Someone pushes your door open because the latch doesn't work. The door hits your purse, which is hanging around your neck in front of your chest, and you and your purse topple backward against the tank of the toilet. "Occupied!" you scream, as you reach for the door, dropping your precious, tiny, crumpled tissue in a puddle on the floor, lose your footing altogether, and slide down directly onto the TOILET SEAT. It is wet of course. You bolt up, knowing all too well that it's too late. Your bare bottom has made contact with every imaginable germ and life form on the uncovered seat because YOU never laid down toilet paper - not that there was any, even if you had taken time to try. You know that your mother would be utterly appalled if she knew, because, you're certain her bare bottom never touched a public toilet seat because, frankly, dear, "You just don't KNOW what kind of diseases you could get. "

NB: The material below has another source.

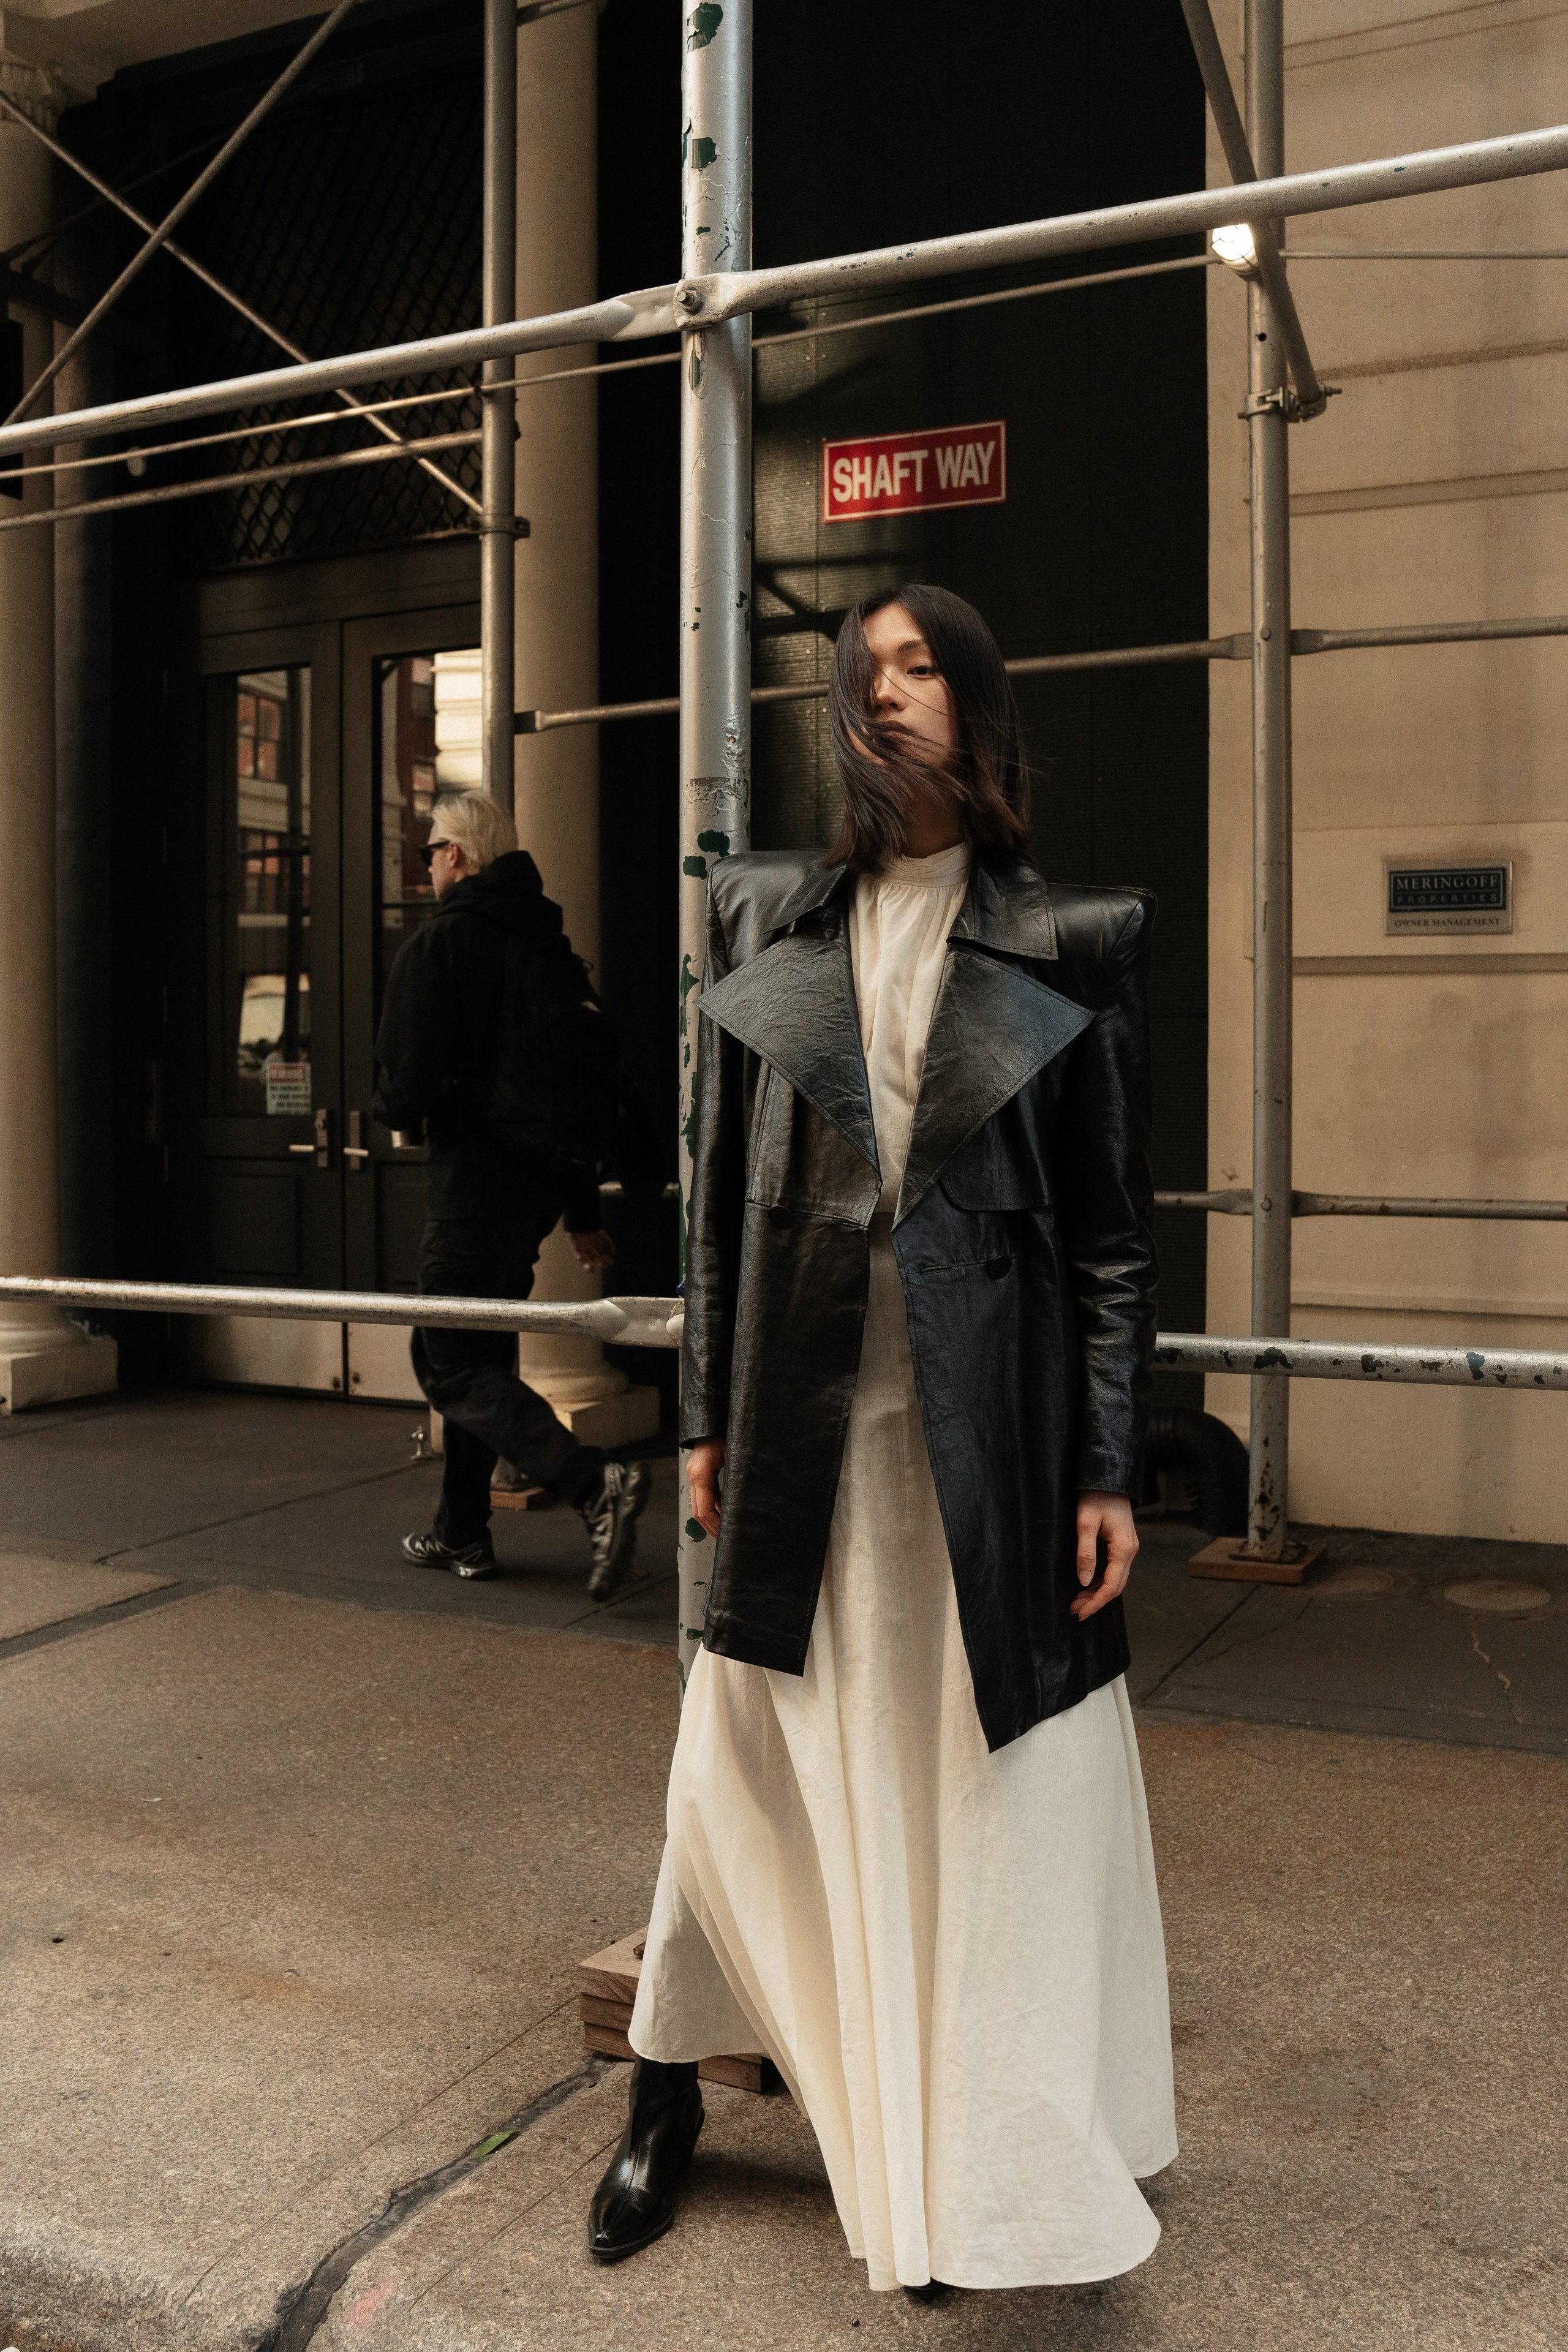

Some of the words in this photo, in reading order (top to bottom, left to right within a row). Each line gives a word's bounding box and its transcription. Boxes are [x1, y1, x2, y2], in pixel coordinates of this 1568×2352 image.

[833, 450, 928, 502] SHAFT
[935, 441, 996, 489] WAY
[1396, 876, 1497, 890] MERINGOFF
[1397, 894, 1496, 903] PROPERTIES
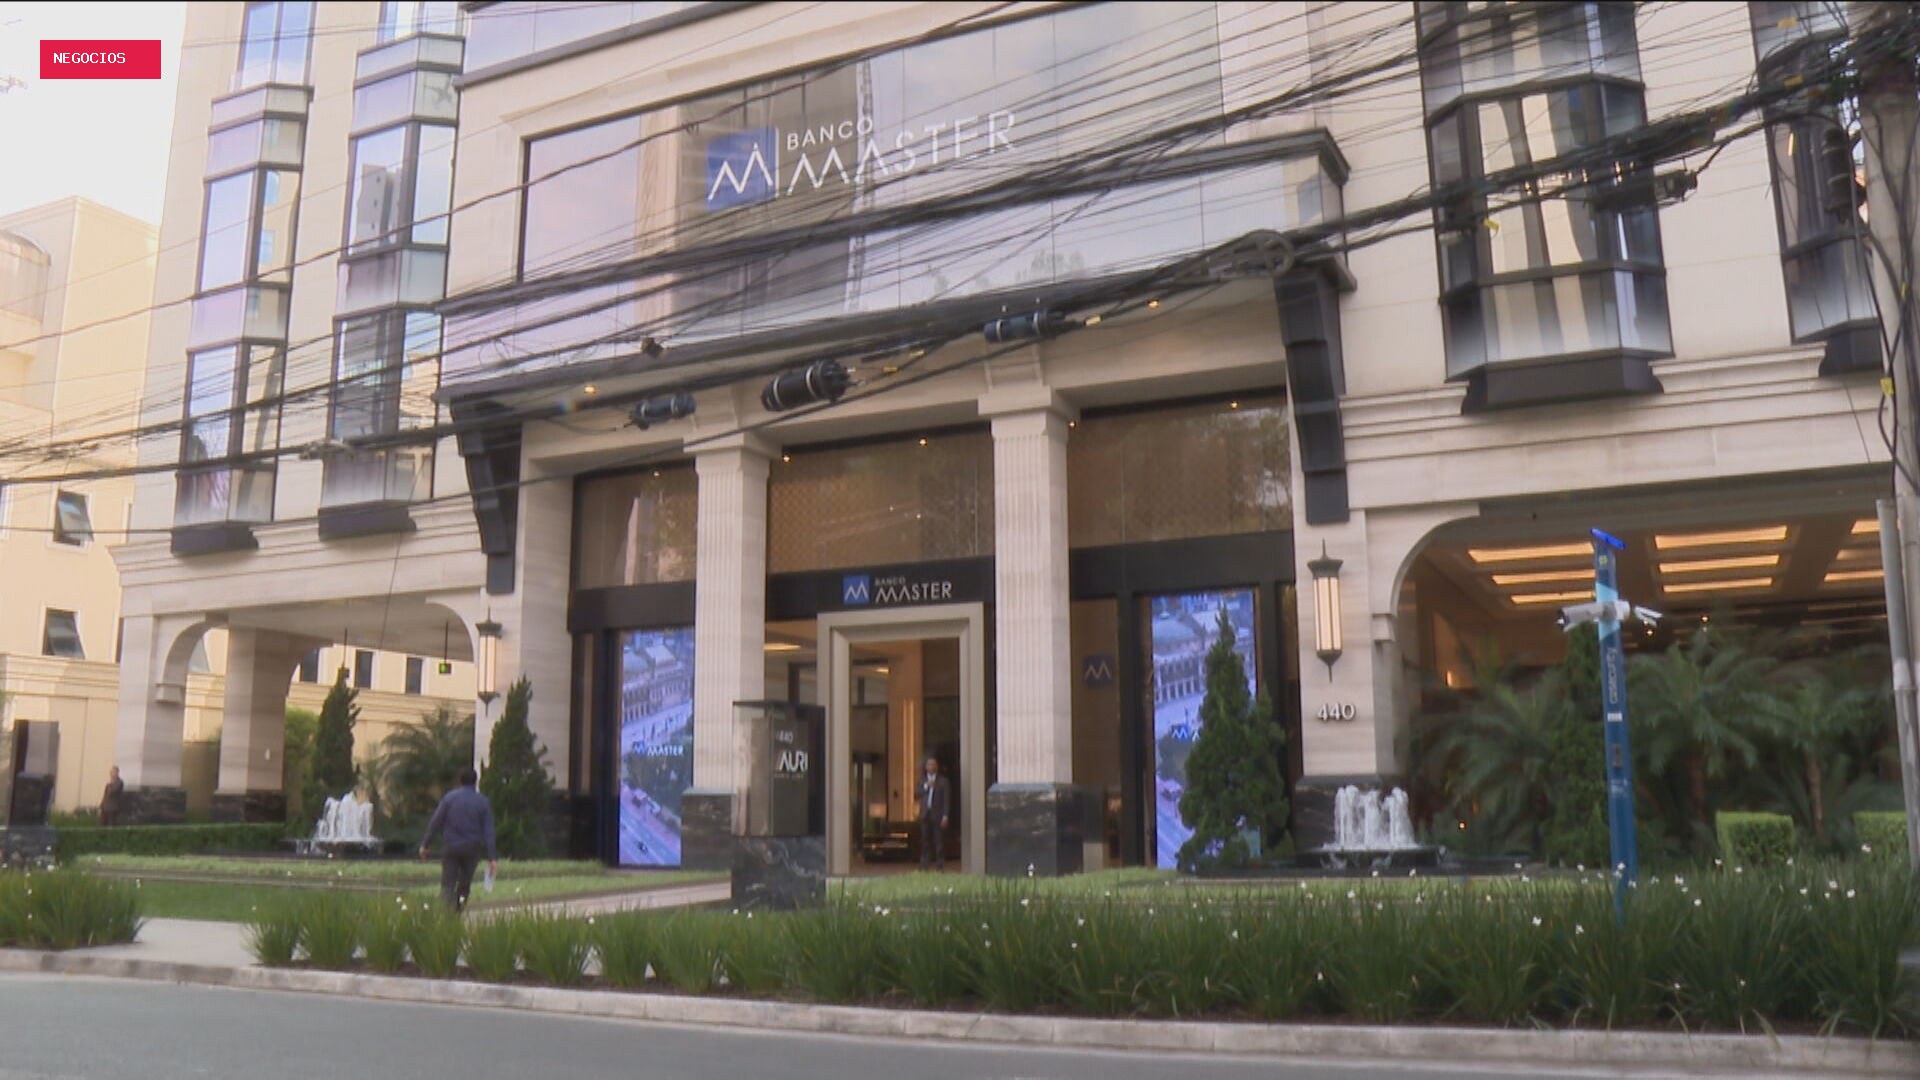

By this time, the automatic sensor on the back of the toilet is so confused that it flushes, propelling a stream of water like a fire hose against the inside of the bowl that sprays a fine mist of water that covers your butt and runs down your legs and into your shoes. The flush somehow sucks everything down with such force that you grab onto the empty toilet paper dispenser for fear of being dragged in too. At this point, you give up. You're soaked by the spewing water and the wet toilet seat. You're exhausted. You try to wipe with a gum wrapper you found in your pocket and then slink out inconspicuously to the sinks.



You can't figure out how to operate the faucets with the automatic sensors, so you wipe your hands with spit and a dry paper towel and walk past the line of women still waiting.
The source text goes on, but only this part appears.